How do you treat abnormal bilirubin levels and/or jaundice?
Treatment depends on the cause of the jaundice. In newborns, phototherapy (special light therapy), blood exchange transfusion in severe cases, and certain drugs may reduce the bilirubin level. In Gilbert, Rotor, and Dubin-Johnson syndromes, no treatment is usually necessary. Crigler-Najjar syndrome may respond to certain enzyme drug therapy or may require a liver transplant. Jaundice caused by an obstruction often is resolved by surgery to remove the blockage. Jaundice due to cirrhosis is a result of long-term liver damage and does not respond well to any type of therapy other than liver transplantation.

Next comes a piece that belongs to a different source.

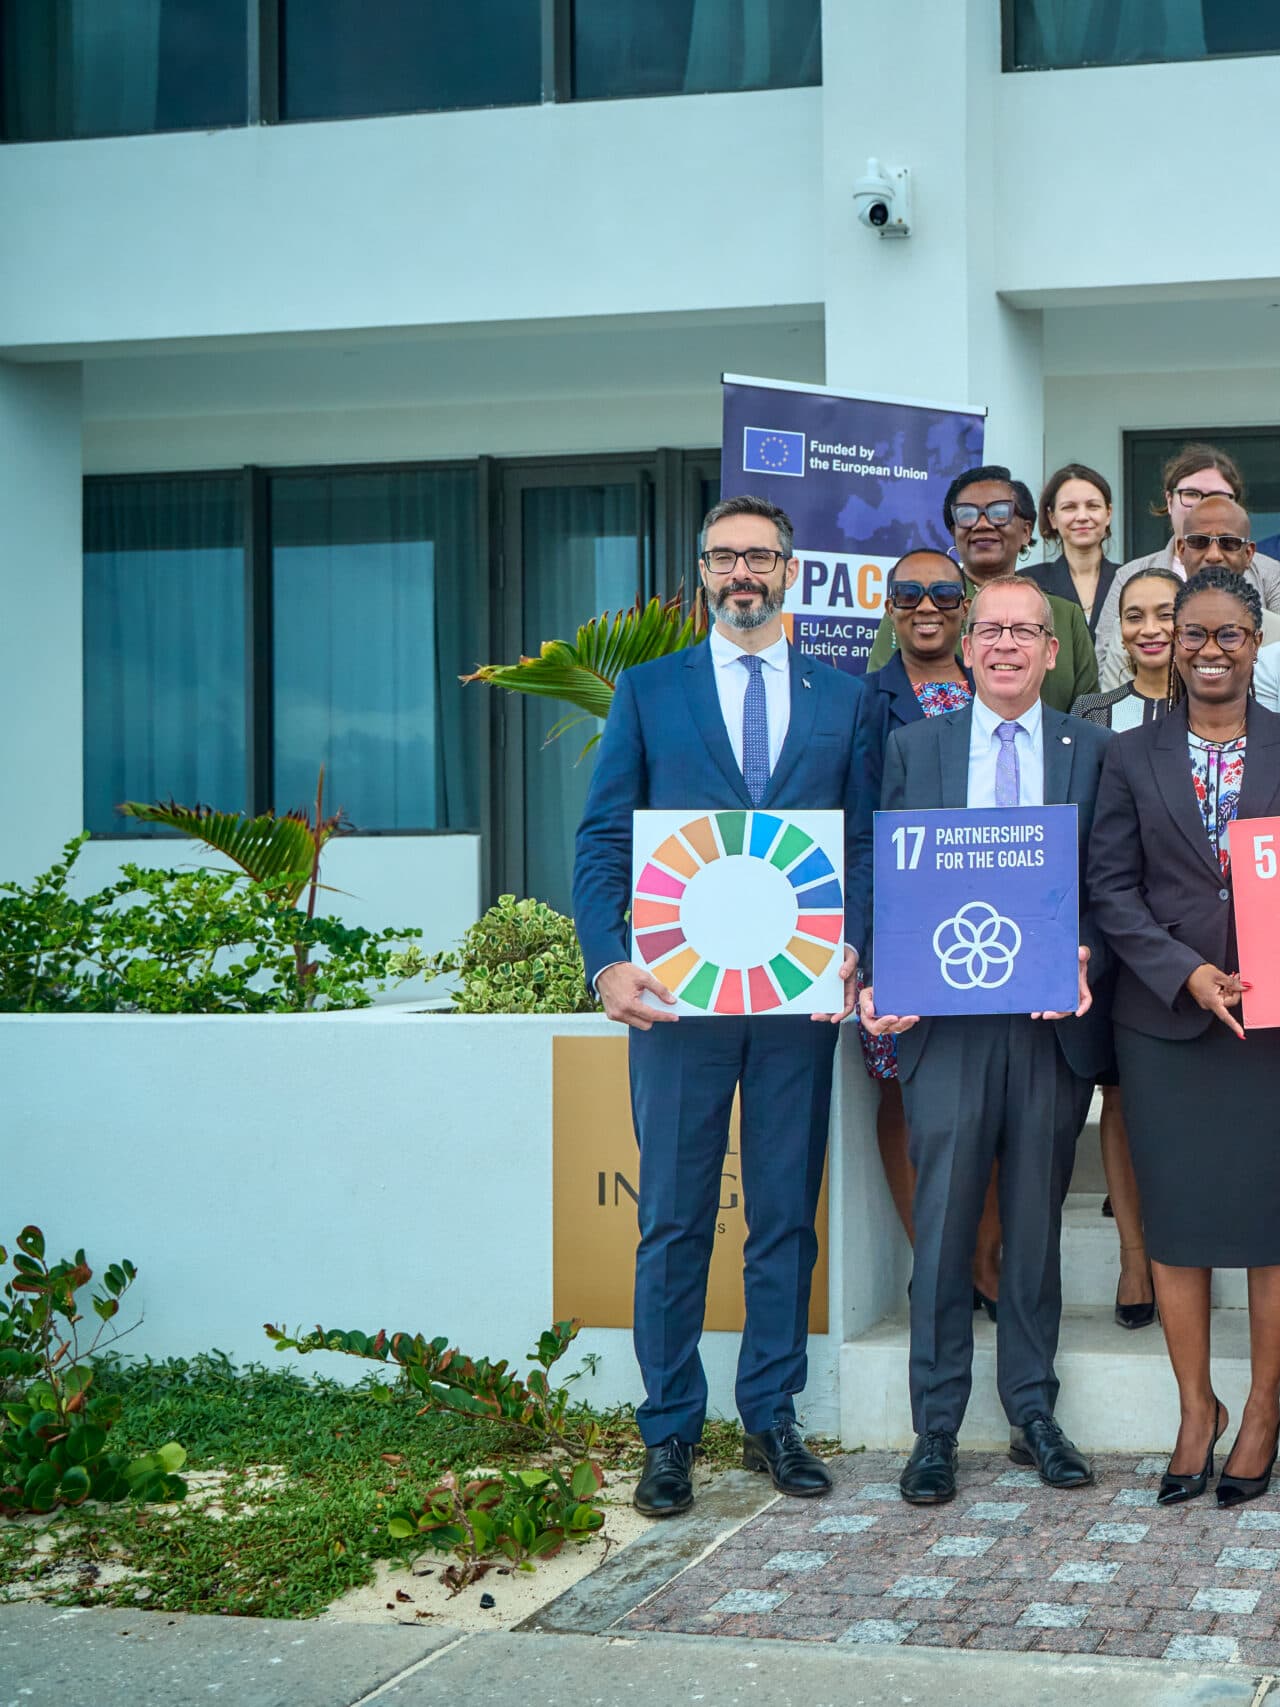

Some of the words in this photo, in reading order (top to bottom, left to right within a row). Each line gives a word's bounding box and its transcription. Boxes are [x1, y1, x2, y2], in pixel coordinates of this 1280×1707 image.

Reasons you may not be able to have the test or why the results may not be helpful (except in newborns) include:

  • Caffeine, which can lower bilirubin levels.

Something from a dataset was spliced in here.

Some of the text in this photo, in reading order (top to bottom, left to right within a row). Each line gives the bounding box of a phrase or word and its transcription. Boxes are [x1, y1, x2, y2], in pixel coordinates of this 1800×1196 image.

  • Not eating for a long period (fasting), which normally increases indirect bilirubin levels.

What To Think About

  • A common cause of jaundice in newborns is a condition called physiologic jaundice. It occurs in healthy babies when they are 1 to 3 days old for several reasons, including the increased breakdown of red blood cells right after birth. It usually disappears on its own within a week without causing problems. But in some cases, a baby with physiologic jaundice may need treatment with special lights (phototherapy) to prevent serious problems.
  • A premature baby's liver is immature and may not be able to break down bilirubin properly in the blood. This is one of the reasons premature babies are more likely than full-term babies to develop jaundice.

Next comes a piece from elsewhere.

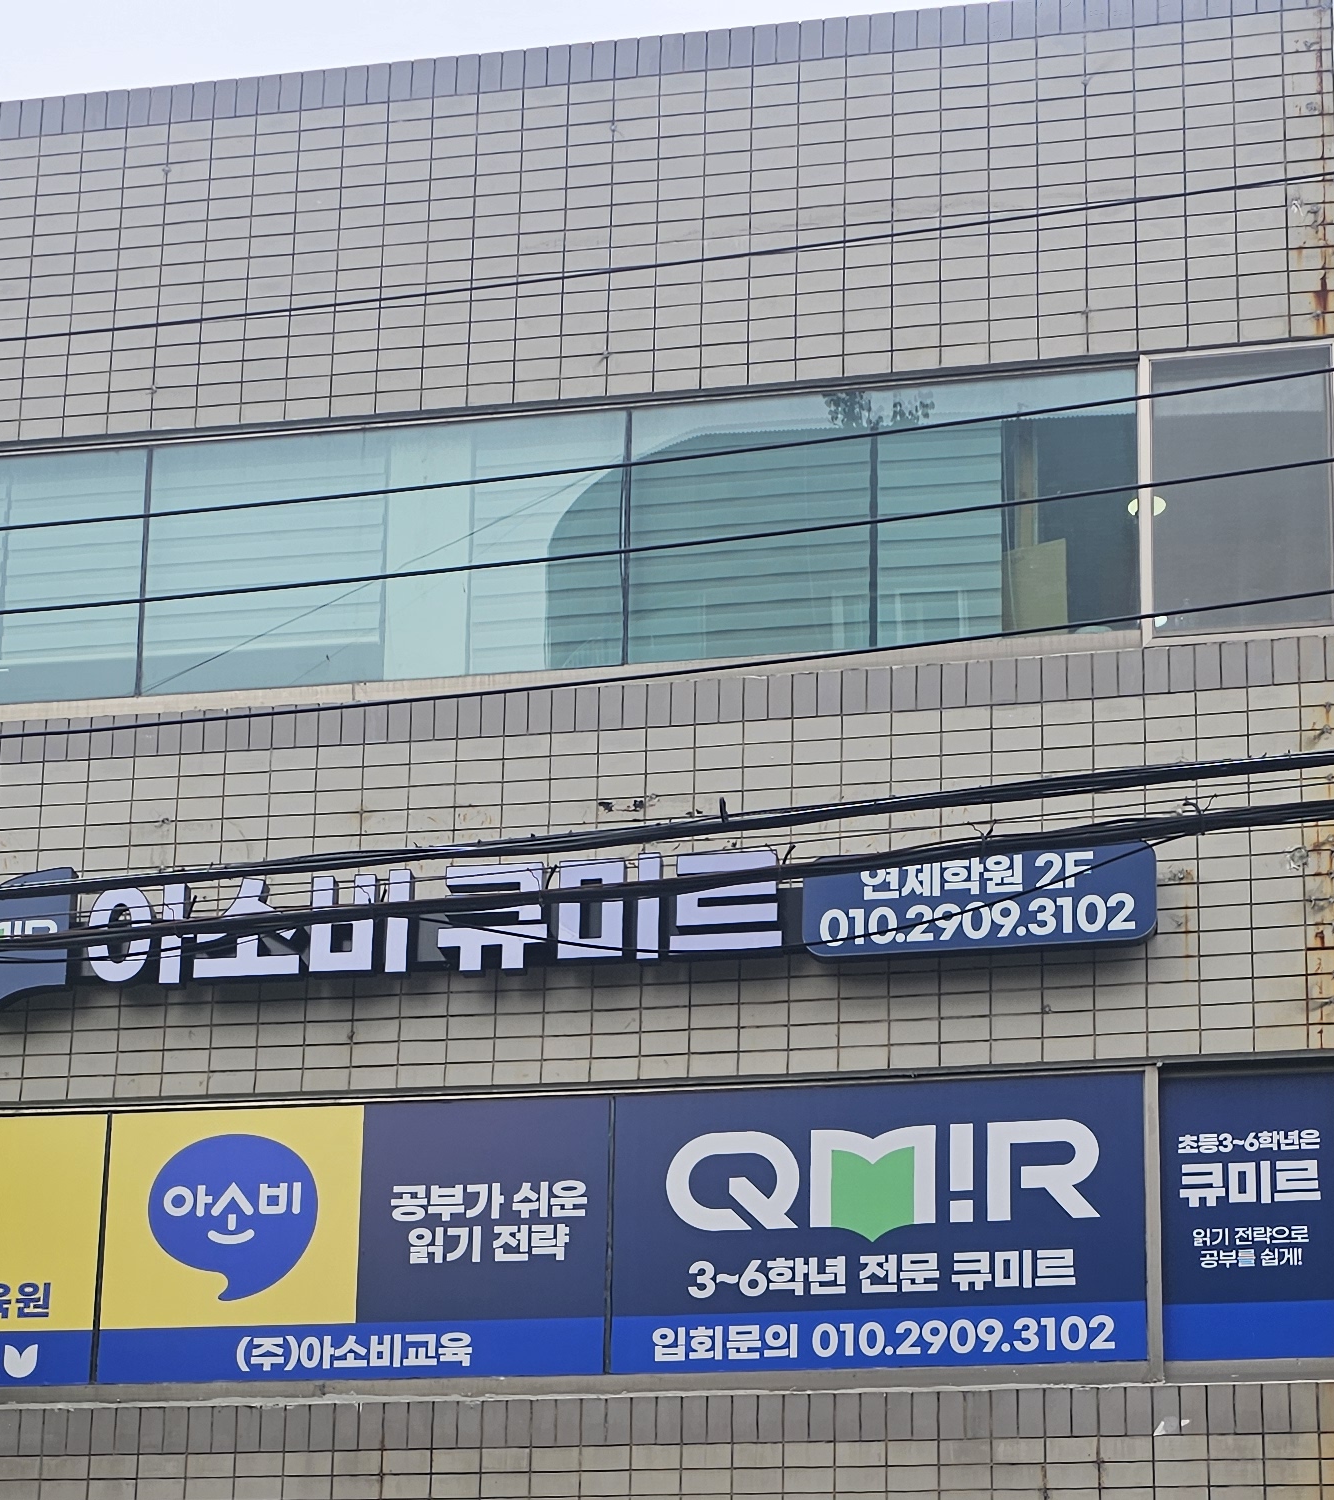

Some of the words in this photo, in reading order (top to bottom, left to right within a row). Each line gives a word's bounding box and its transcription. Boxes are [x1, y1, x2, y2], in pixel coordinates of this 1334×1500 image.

  • Bilirubin can be measured in amniotic fluid if your doctor thinks that your unborn baby may have a condition that destroys red blood cells (erythroblastosis fetalis). For more information, see the topic Amniocentesis.
  • Bilirubin may also be measured in the urine. Normally, urine does not contain any bilirubin. If bilirubin is detected in urine, additional testing may be needed to determine the cause. High amounts of bilirubin in urine may indicate that the bilirubin is not being removed from the body by the liver.
  • Using a transcutaneous bilirubin test, doctors can screen all newborns for jaundice. They place a device gently against the skin to check bilirubin levels before a baby goes home from the hospital.